■ TASK ITEM:
All that is asked is a faithful reproduction of the entries.

■ Stored data:
* * * *

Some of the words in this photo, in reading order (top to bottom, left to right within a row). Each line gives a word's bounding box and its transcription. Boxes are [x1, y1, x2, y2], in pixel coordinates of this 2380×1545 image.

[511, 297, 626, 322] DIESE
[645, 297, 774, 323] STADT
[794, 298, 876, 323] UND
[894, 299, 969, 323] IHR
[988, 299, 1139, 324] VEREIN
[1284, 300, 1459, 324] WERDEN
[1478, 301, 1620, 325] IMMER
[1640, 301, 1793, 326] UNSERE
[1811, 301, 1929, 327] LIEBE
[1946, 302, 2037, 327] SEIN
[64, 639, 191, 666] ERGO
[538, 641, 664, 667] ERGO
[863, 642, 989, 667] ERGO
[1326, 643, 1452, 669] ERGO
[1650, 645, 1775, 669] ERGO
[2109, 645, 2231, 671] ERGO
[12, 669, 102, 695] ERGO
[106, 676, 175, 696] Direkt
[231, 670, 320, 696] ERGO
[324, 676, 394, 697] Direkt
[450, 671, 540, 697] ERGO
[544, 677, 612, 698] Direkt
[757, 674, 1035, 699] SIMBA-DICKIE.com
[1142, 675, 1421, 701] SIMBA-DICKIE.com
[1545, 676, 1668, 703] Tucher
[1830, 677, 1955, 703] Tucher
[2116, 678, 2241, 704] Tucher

* * * *

■ WRITTEN RESPONSE:
Some of the words in this photo, in reading order (top to bottom, left to right within a row). Each line gives a word's bounding box and its transcription. Boxes are [x1, y1, x2, y2], in pixel coordinates of this 2380×1545 image.

[511, 297, 626, 322] DIESE
[645, 297, 774, 323] STADT
[794, 298, 876, 323] UND
[894, 299, 969, 323] IHR
[988, 299, 1139, 324] VEREIN
[1284, 300, 1459, 324] WERDEN
[1478, 301, 1620, 325] IMMER
[1640, 301, 1793, 326] UNSERE
[1811, 301, 1929, 327] LIEBE
[1946, 302, 2037, 327] SEIN
[64, 639, 191, 666] ERGO
[538, 641, 664, 667] ERGO
[863, 642, 989, 667] ERGO
[1326, 643, 1452, 669] ERGO
[1650, 645, 1775, 669] ERGO
[2109, 645, 2231, 671] ERGO
[12, 669, 102, 695] ERGO
[106, 676, 175, 696] Direkt
[231, 670, 320, 696] ERGO
[324, 676, 394, 697] Direkt
[450, 671, 540, 697] ERGO
[544, 677, 612, 698] Direkt
[757, 674, 1035, 699] SIMBA-DICKIE.com
[1142, 675, 1421, 701] SIMBA-DICKIE.com
[1545, 676, 1668, 703] Tucher
[1830, 677, 1955, 703] Tucher
[2116, 678, 2241, 704] Tucher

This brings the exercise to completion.